それは、今まで我々の会社……僕が「我々」と言うとき、「僕」を指しているときと社会全体を指しているときがあって、混乱しやすいんだけど。

谷本:(笑)。どちらでしょう?

日本ではプロフェッショナル性が逆転している

落合:我々の社会が持っている課題として、やっぱり人が人の承認をしてきた意思決定プロセスの中で動いている。今でも紙に印鑑を押してるのはちょっとよくわからないんですけれども。そういった中で、社会を維持するために必要だった人の数は、たぶん減っているはずなんですよね。

そういったときに、そこで人を使わないでも、本質的にチームを作って対象の問題に向き合う。最初に多様性の話をしましたけど、そういうチームづくりができる経営層が求められているし、それをサポートするための人材はどのぐらい必要なんだろうとか考えないといけない。

優秀なクリエイティブというのはプロフェッショナルになりますから、それはすごく重要ですと。例えば、この前うちの大学の学長が話してて。うちの大学って、教員が1,500人ぐらいいたら職員は1,000人ぐらいなんですよね。わかります? でも、教員が800人ぐらいいたら職員が3,000人ぐらいいるところもあるんですよ。つまり、1人の教員に対して、サポートする人の数が3倍ぐらい必要なわけです。それが当たり前です。プロフェッショナルだから。

そのプロフェッショナル性が逆転しているのがこの国なので、知的生産の価値観においては、プロフェッショナルをどうやって支えるかということを組織全体が考えていないといけないわけですよね。
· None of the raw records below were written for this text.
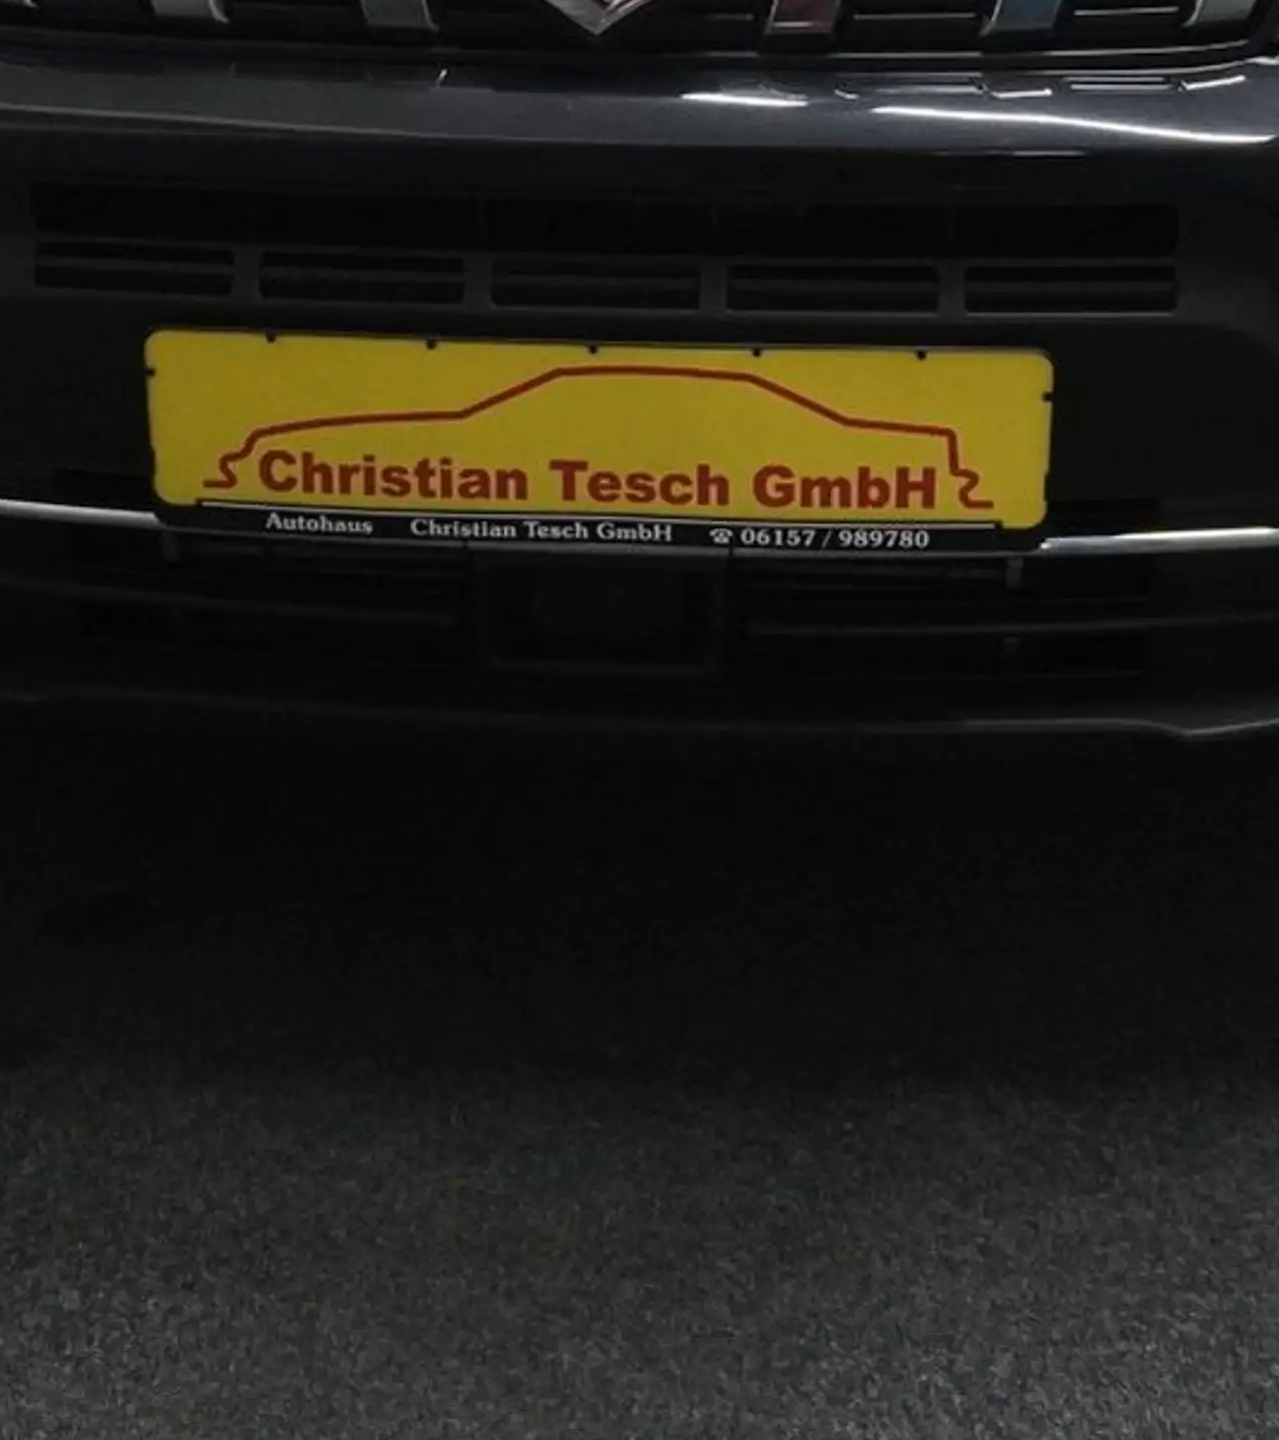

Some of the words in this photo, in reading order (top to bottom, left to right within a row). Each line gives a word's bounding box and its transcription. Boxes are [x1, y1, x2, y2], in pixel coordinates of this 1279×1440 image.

[258, 449, 529, 501] Christian
[550, 460, 730, 505] Tesch
[753, 465, 936, 509] GmbH
[265, 511, 373, 535] Autohaus
[410, 518, 517, 539] Christian
[525, 520, 589, 541] Tesch
[597, 521, 673, 543] GmbH
[740, 526, 815, 549] 06157
[838, 528, 931, 550] 989780
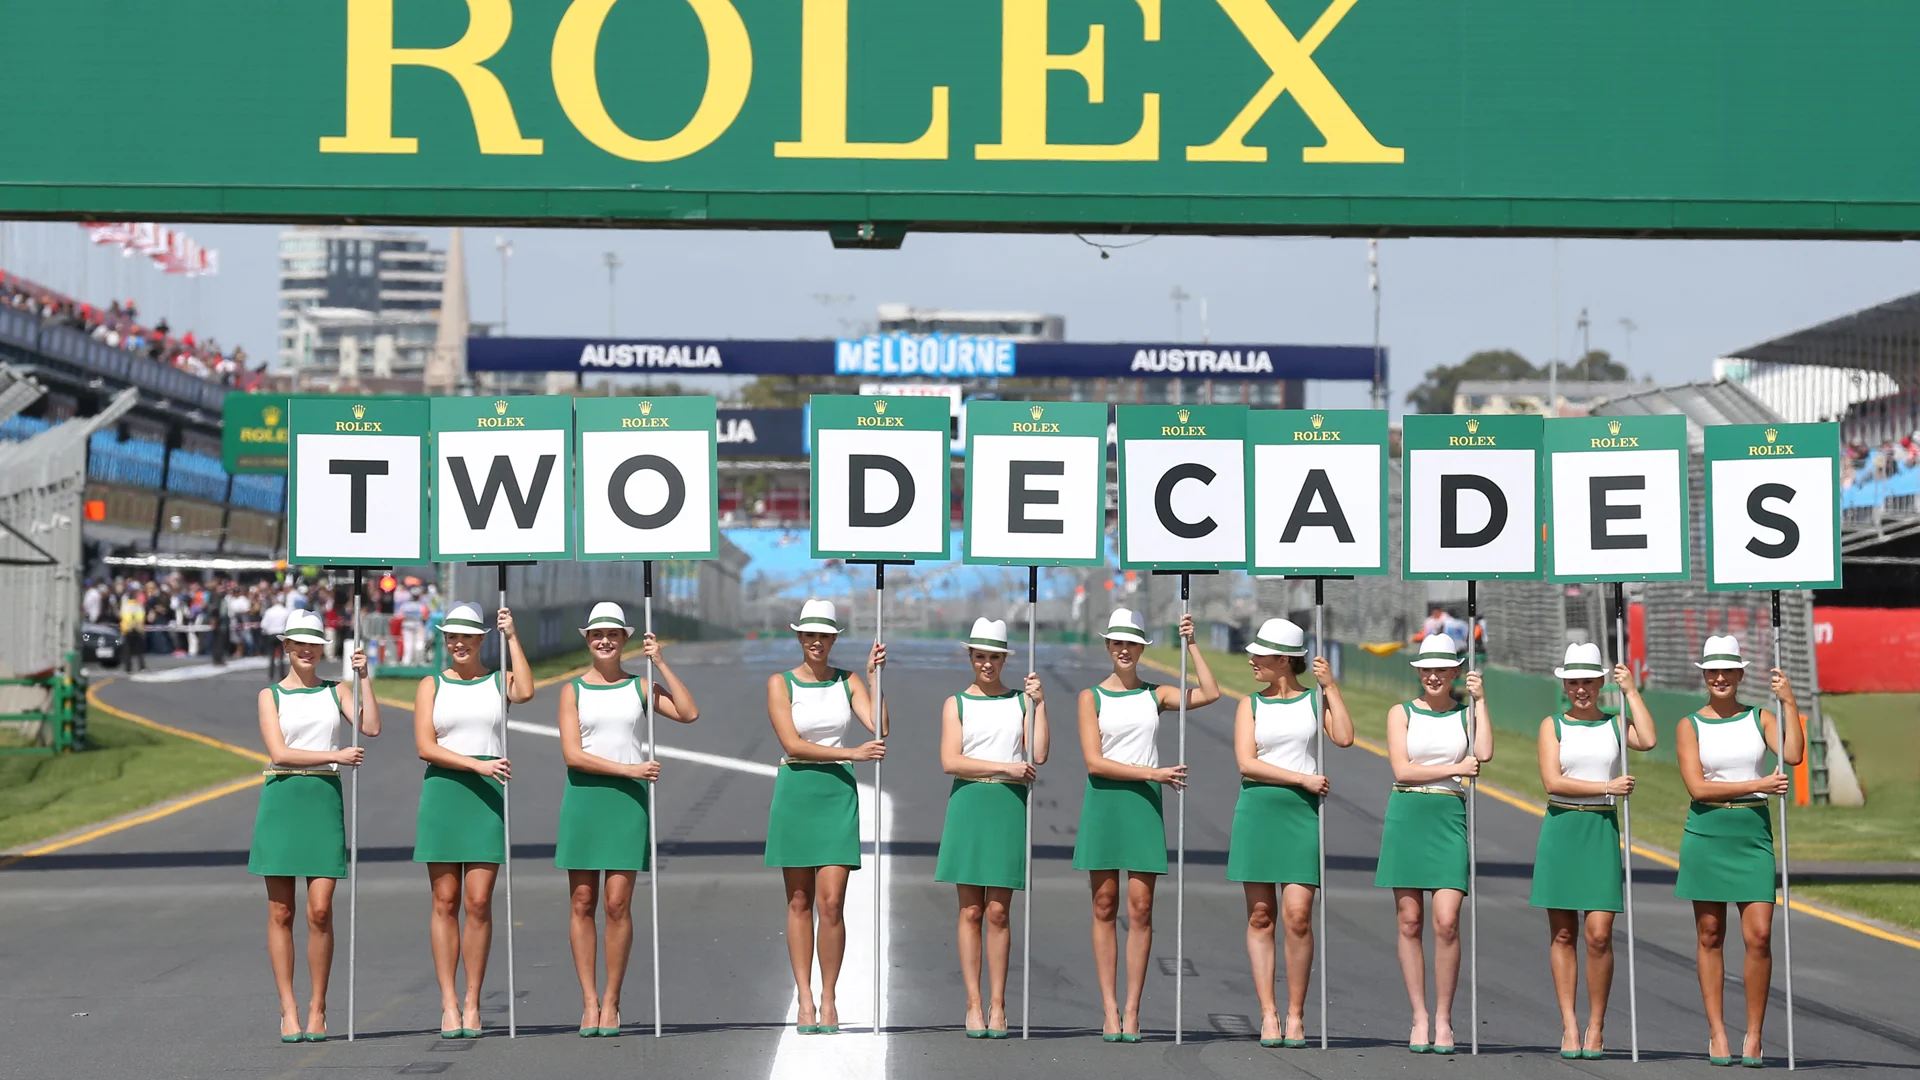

谷本:なるほど。今、大企業が非常にアジャイルに動きにくいといわれている。そういうときにもう少しチーム性というか、小さいグループ化して、その俊敏性を上げていくということが重要なのかもしれませんね。

落合:もしくは社外のベンチャー企業を使う。

谷本:なるほど。そういうことなんですね。

落合:今までだったら舵切りだけすればよかったから、言いにくいことはコンサルに言ってもらえばよかったんですけれども、これからはそれ以上に動く人が必要なわけです。